The head of the Ennahda movement, Rached Ghannouchi, called on President Kais Saied to rid himself of the "mentality of dividing and accusing of treason", and work to unite Tunisians.
Ghannouchi said: "Unfortunately, the mentality of dividing and accusing of treason prevails today… why do we not seek to gather Tunisians? Instead, we divide them and accuse them of treason … When this is applied in reality, we see it as blood and civil wars."
"The country needs consensus, dialogue, a mentality that gathers and not separates, and to avoid the biggest danger that threatens it, which is famine and dictatorship. The reason behind all of this is the mentality of exclusion."
Saied has held nearly total power since 25 July when he sacked the prime minister, suspended parliament and assumed executive authority citing a national emergency.
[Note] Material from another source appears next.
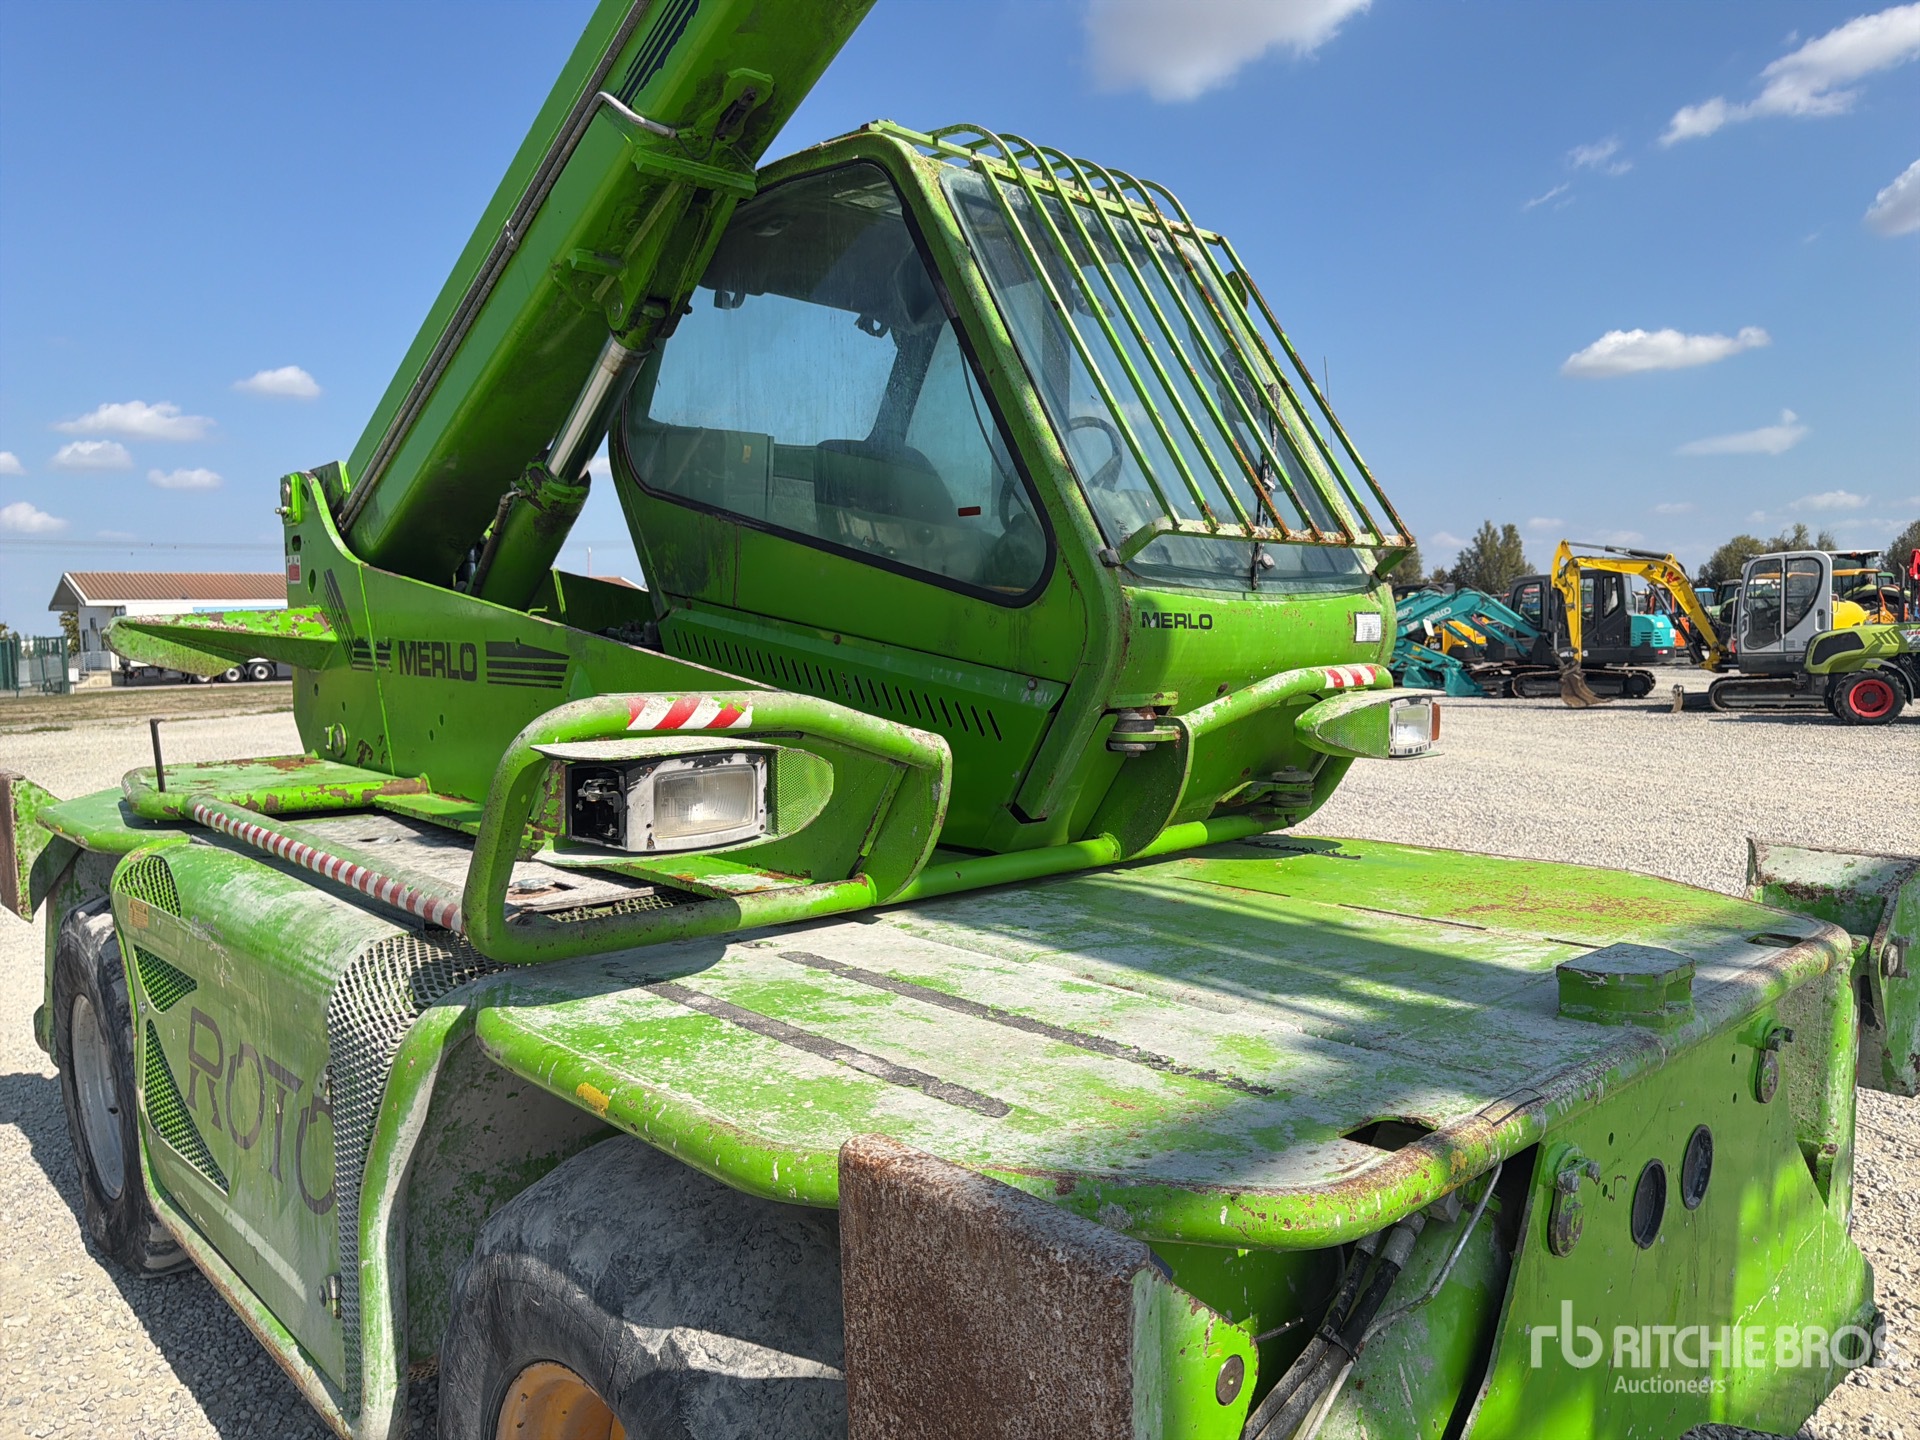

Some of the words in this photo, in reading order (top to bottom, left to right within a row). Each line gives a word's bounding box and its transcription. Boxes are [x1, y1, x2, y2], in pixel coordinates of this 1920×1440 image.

[1141, 611, 1213, 630] MERLO
[398, 640, 477, 682] MERLO
[186, 1006, 337, 1216] ROTO
He appointed a prime minister on 29 September and a government has since been formed. In December, Saied announced that a referendum will be held on 25 July to consider 'constitutional reforms' and elections would follow in December 2022.
The majority of the country's political parties slammed the move as a "coup against the constitution" and the achievements of the 2011 revolution. Critics say Saied's decisions have strengthened the powers of the presidency at the expense of parliament and the government, and that he aims to transform the country's government into a presidential system.
On more than one occasion, Saied, who began a five-year presidential term in 2019, said that his exceptional decisions are not a coup, but rather measures within the framework of the constitution to protect the state from "imminent danger".